4) and it answers from an emotional perspective: Hanukkah was established as days of good cheer on which psalms of praise and acknowledgement of God’s wonders are to be recited.
In modern times, each of us is tasked with the challenge of making our own meaning of thi ancient holiday from our own perspective. We each decide how we will relate the importance of the holiday to those around us. Some today find connection to the military action recounted in the Hanukkah story.
They emphasize the story about a purist sect of Jews who triumph over the assimilation of their co-religionists through a murderous civil war.
But I’d like to share a different perspective. For me, the Hanukkah that I celebrate tonight resonates with the ideals of human dignity, freedom of expression, and bringing light into the world.
I see the holiday as a member of the global LGBT and ally community.
I wouldn’t say that Hanukkah is now a “Gay Holiday”– but I would say that it has particular resonances for us in the LGBT community.
As such, tonight I’ll share two symbols of Hanukkah that are particularly meaningful. First, the dreidel.
The dreidel is a four sided top that is said to have originated out of necessity. You see, during various periods of Jewish history, Jews would be punished or killed for teaching the tradition. The dreidel game was initially created so that we could teach the Hanukkah story but if, as we were teaching it, menacing and antisemitic authorities approached, we could pass it off as simply teaching a gambling game played with a top. In this way we were careful only to reveal our Jewish identity in safe spaces.
Similarly we, in the LGBT community, have at times been forced to remain closeted amidst homophobic company, being careful only to reveal our identity in safe spaces. The dreidel game speaks to this human experience– there may be parts of each of us that we can not yet reveal for a variety of very sound reasons. The dreidel symbolizes those experiences and all experiences where we need to hide who we are.
Converse to the humble and closeted posture of the symbol of the dreidel is the bold and proud stance of the Hanukkiah.
The Hanukkiah is a 9 branched menorah (or candelabra) which serves to actively display Jewish identity. In fact, prior to the symbol of the star of David, the symbol of the menorah was the universal sign of Jewish identity– as seen on this ancient Hasmonean coin.
The rabbis insisted that Jews not simply light the Hanukkiah on each night of Hanukkah, but that we should pirsum hanes– that we should publicize the holiday. They ruled that it was a mitzvah– a commandment– to display the hanukkiah in our windows.

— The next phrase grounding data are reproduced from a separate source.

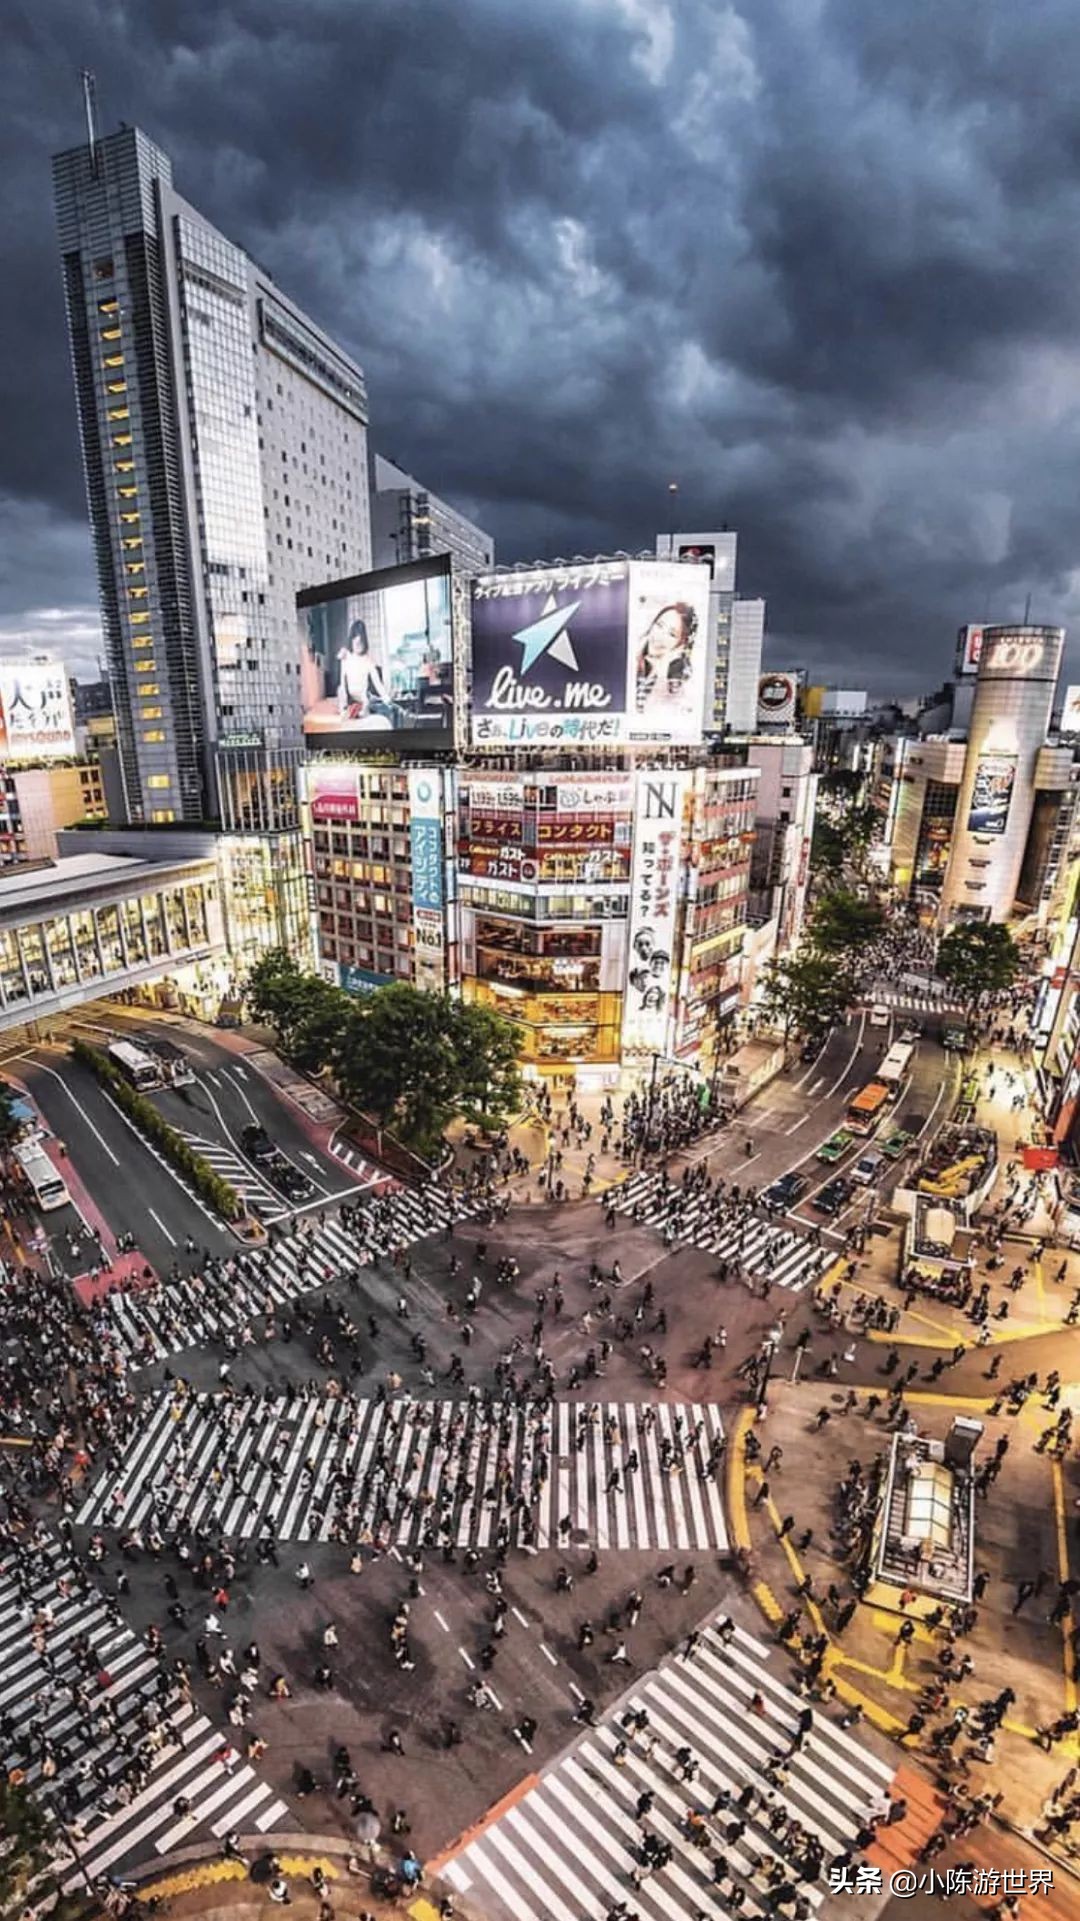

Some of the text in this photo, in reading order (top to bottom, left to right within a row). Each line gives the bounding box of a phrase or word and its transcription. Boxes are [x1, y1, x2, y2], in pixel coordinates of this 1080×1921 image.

[484, 665, 612, 709] live.me
[538, 824, 612, 839] コンタクト
[487, 860, 518, 878] ガスト
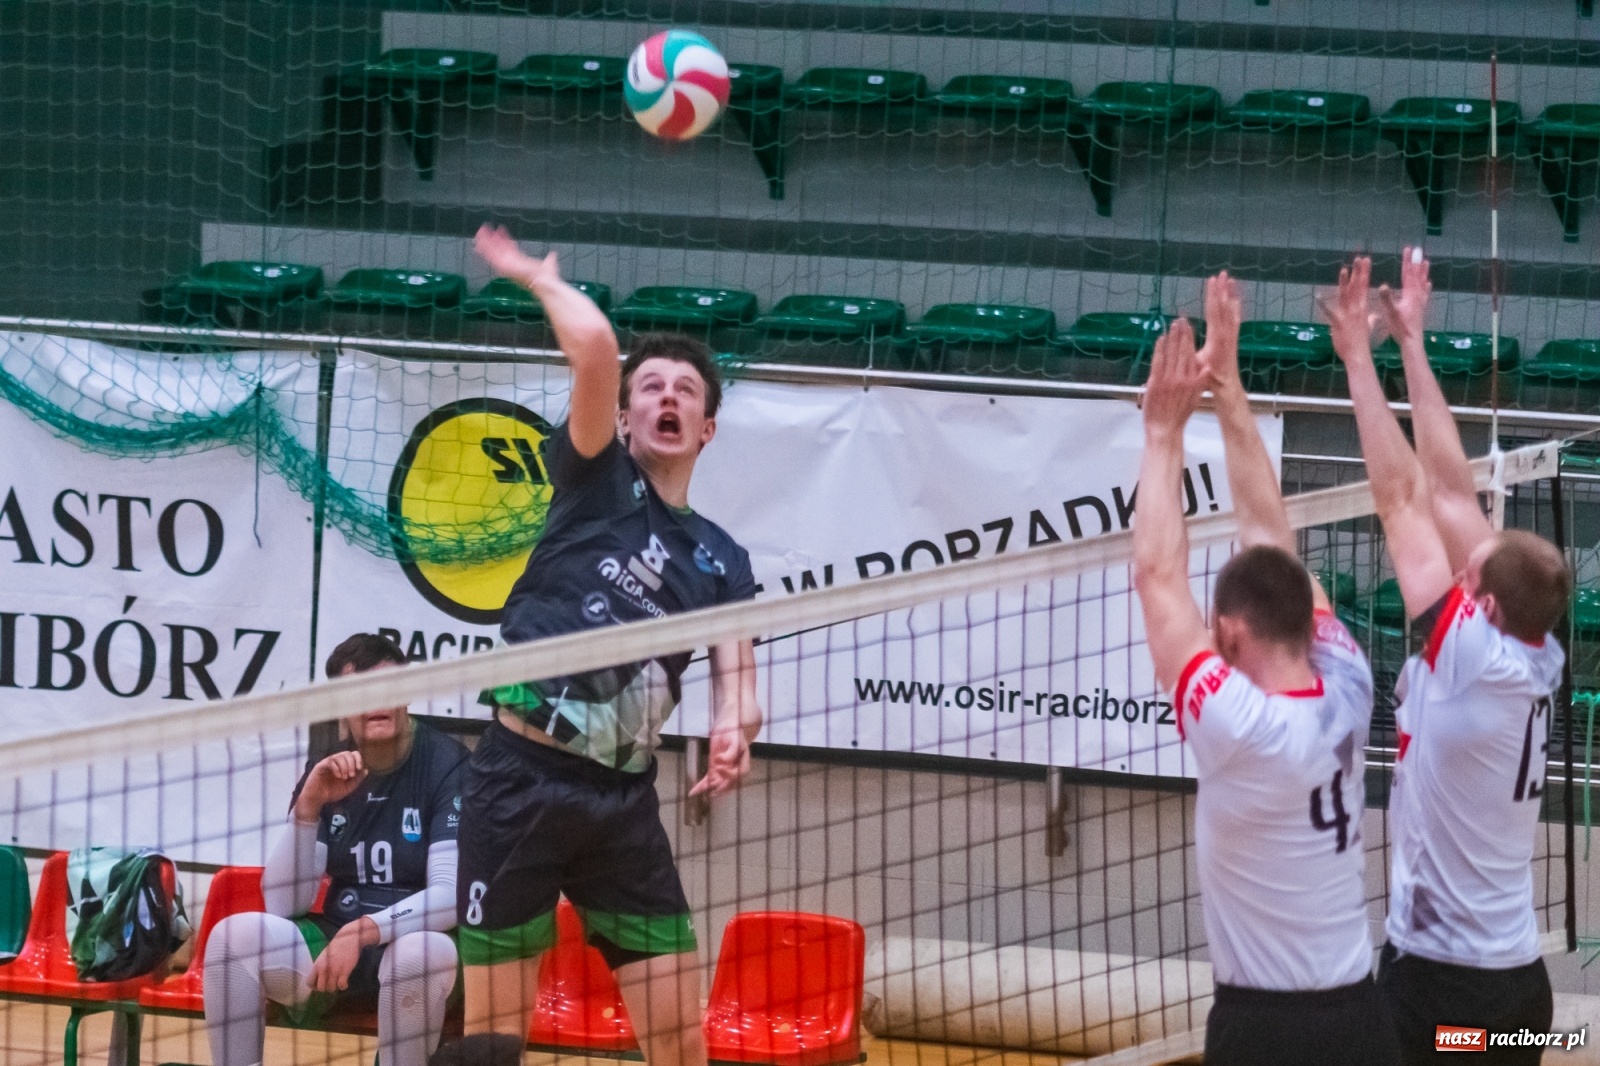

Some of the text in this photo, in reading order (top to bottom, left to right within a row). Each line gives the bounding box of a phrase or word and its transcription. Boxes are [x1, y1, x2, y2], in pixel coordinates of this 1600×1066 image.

[481, 437, 547, 485] SI
[0, 486, 224, 577] ASTO
[0, 595, 282, 700] IBÓRZ
[854, 678, 1176, 725] www.osir-raciborz
[1310, 770, 1350, 853] 4
[350, 841, 393, 884] 19
[466, 881, 487, 925] 8

So that it could be seen, they were careful to specify that it should be displayed no lower than 18 inches nor no higher than 5 feet from the ground, and it must burn at least half an hour after the stars appear in the sky. Lighting the Hanukkiah pridefully displays our Jewish identity.

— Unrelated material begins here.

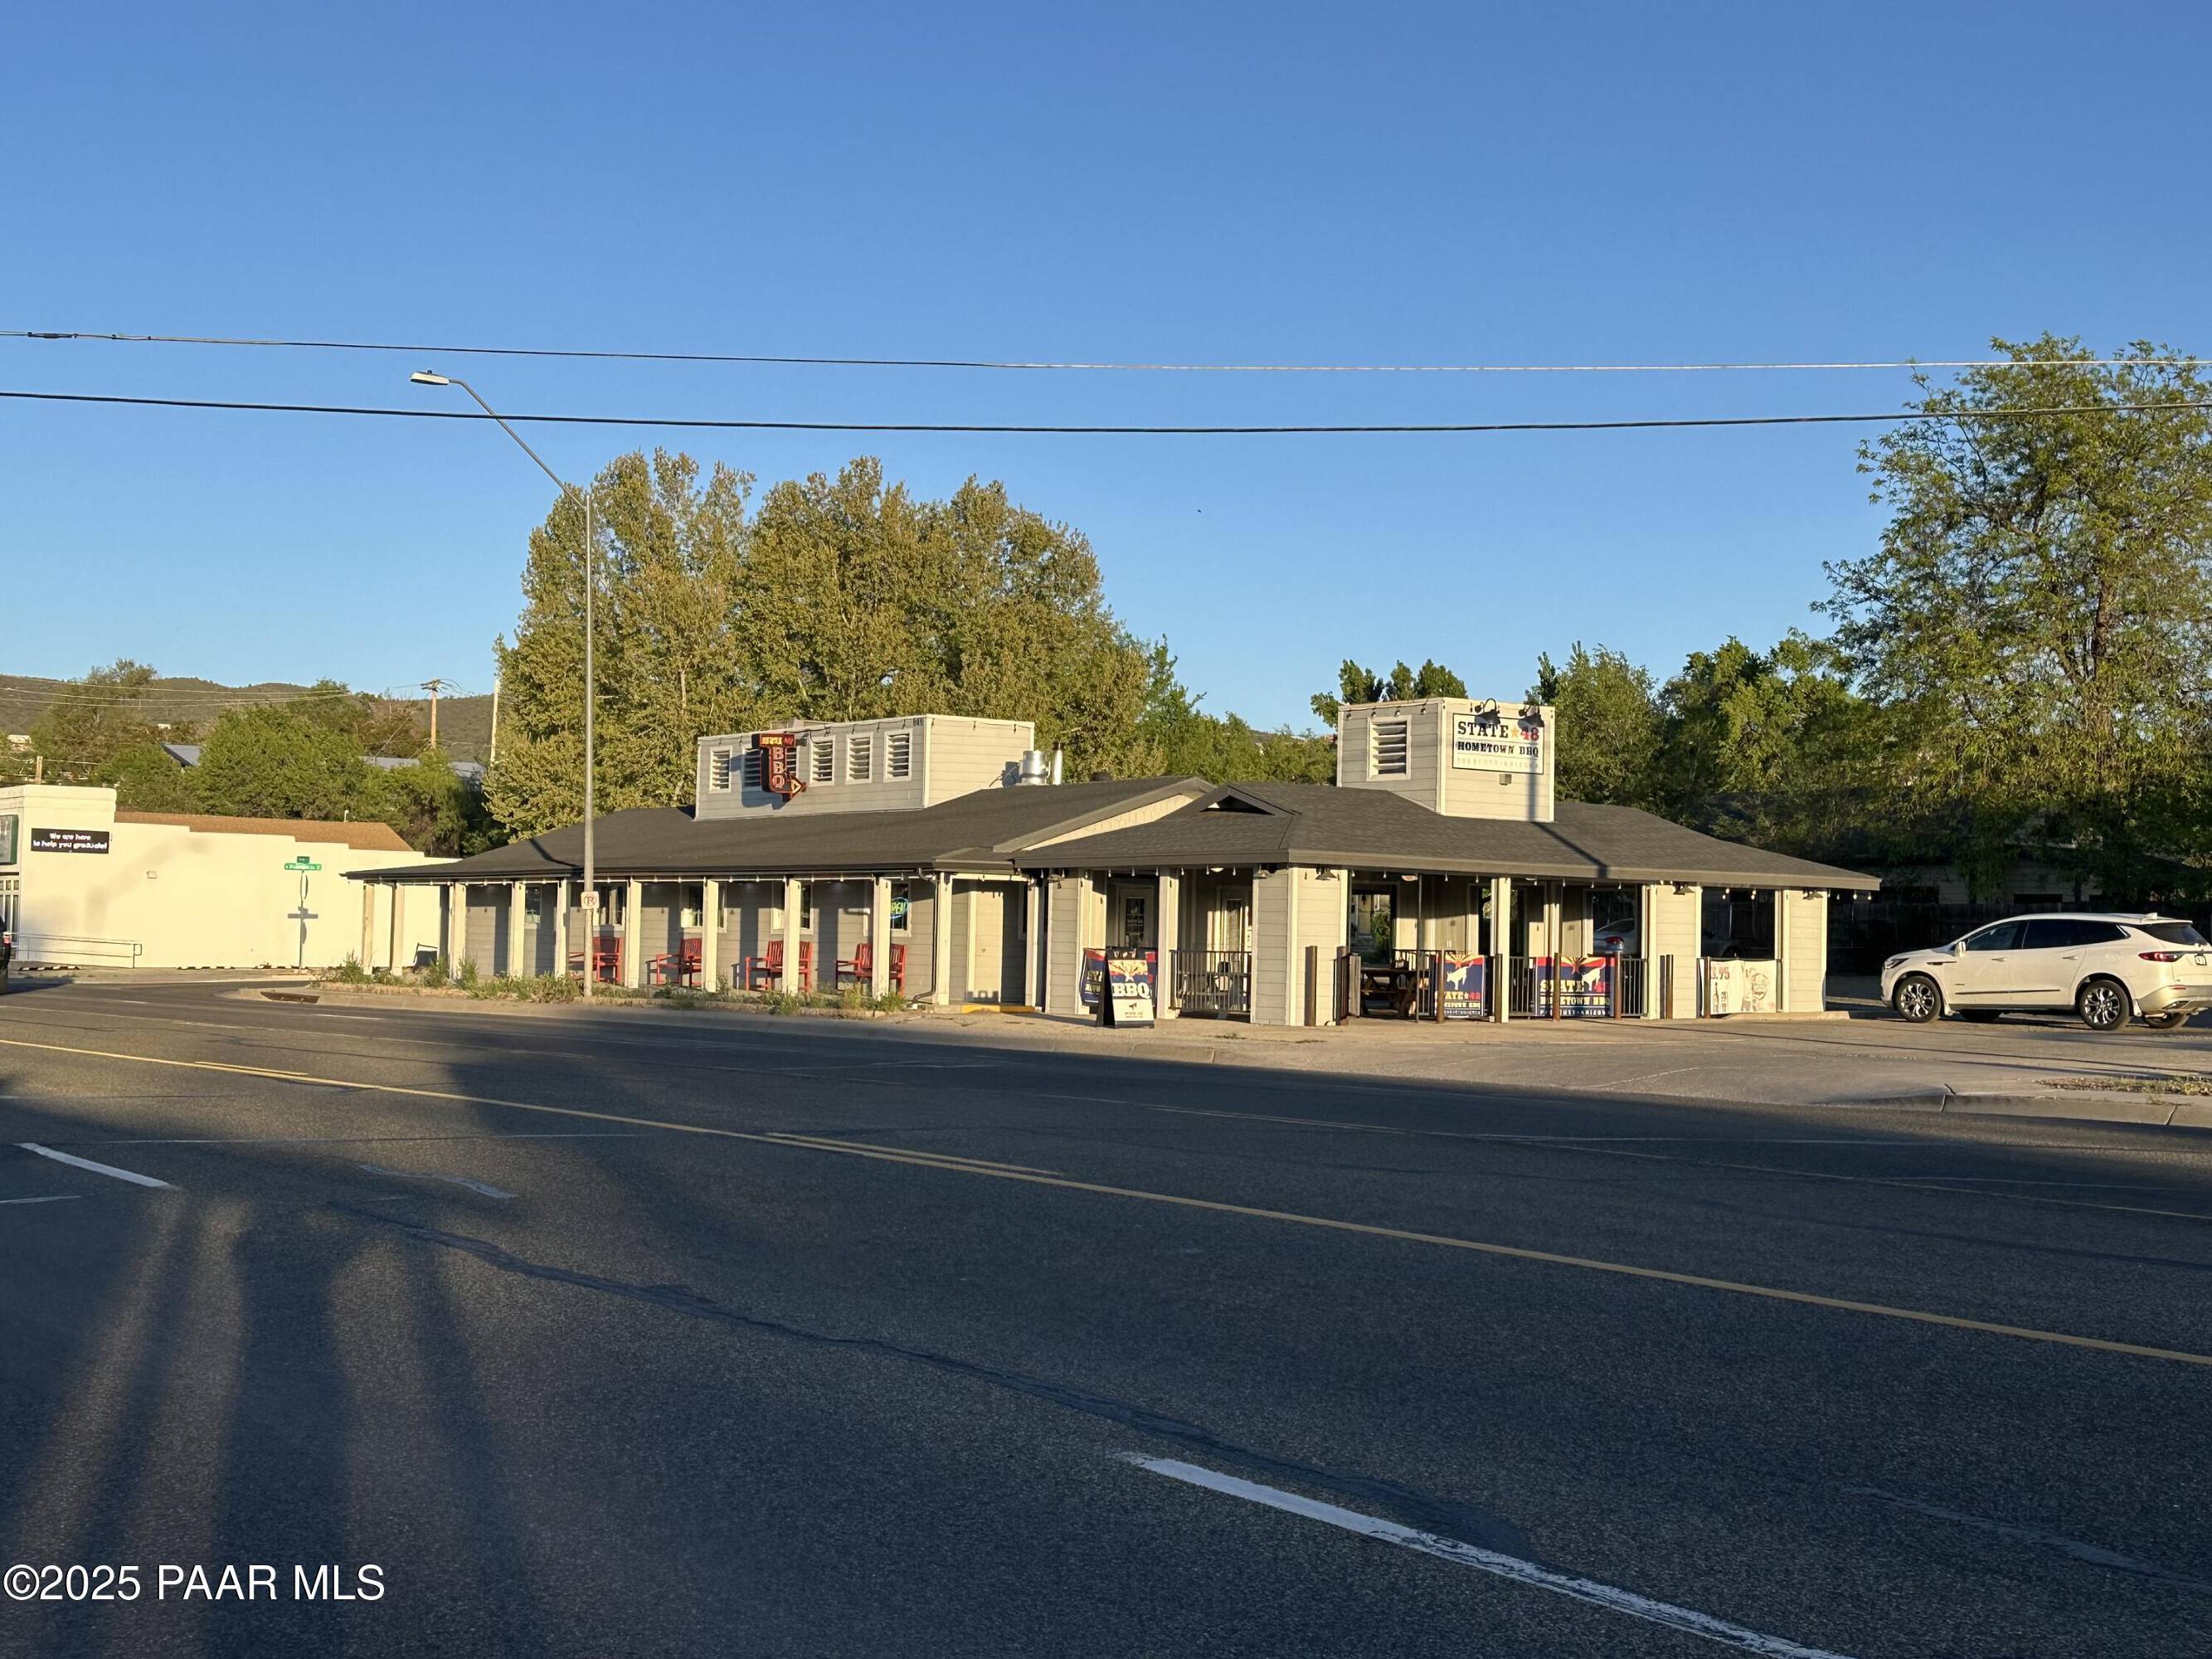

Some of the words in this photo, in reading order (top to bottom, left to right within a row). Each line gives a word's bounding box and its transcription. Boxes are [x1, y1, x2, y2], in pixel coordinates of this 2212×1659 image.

In a similar way we, as an LGBT and ally community might display our rainbow flag or bumper stickers on our cars or on our homes to freely display our LGBT and ally identity.
These activities reminds us as humans to celebrate who we are, where we come from and who we choose to be– even as and perhaps especially as minorities amidst a majority cultural world.
What a contrast to the shy and closeted idea of the dreidel– whereas the dreidel reminds us of oppression and fear, the hanukkiah, which is definitely not shy, rather proudly stands arms outstretched and on fire.
That’s what made this year’s Hanukkah in Santa Monica candle lighting particularly meaningful to me. On the first night of Hannukah Cantor Juval, the BCC choir and members of the BCC community publicly lit a giant 7 foot hanukkiah in the middle of the Third Street Promenade– a very public tourist destination.
What a privilege to be able to display our celebration of who we are proudly in the public square. Our celebration was not only a celebration of our Jewish identity, or of our LGBT or ally identity– it was a celebration of all identities and all people who come to share of who they are– to honor the diversity across the human experience. What a privilege. That is why lighting the hanukkiah is such a radical act– it brings light and joy and the freedom of expression and pride to areas that are dark or otherwise oppressed.
As we lit this giant hanukkiah, we joined a tradition of Jews over thousands of years. As we lit the giant hanukkiah, I was reminded of Spain’s public hanukkiah lighting in 1998, the first time this happened in over 500 years– since the persecution of Jews during the Spanish Inquisition.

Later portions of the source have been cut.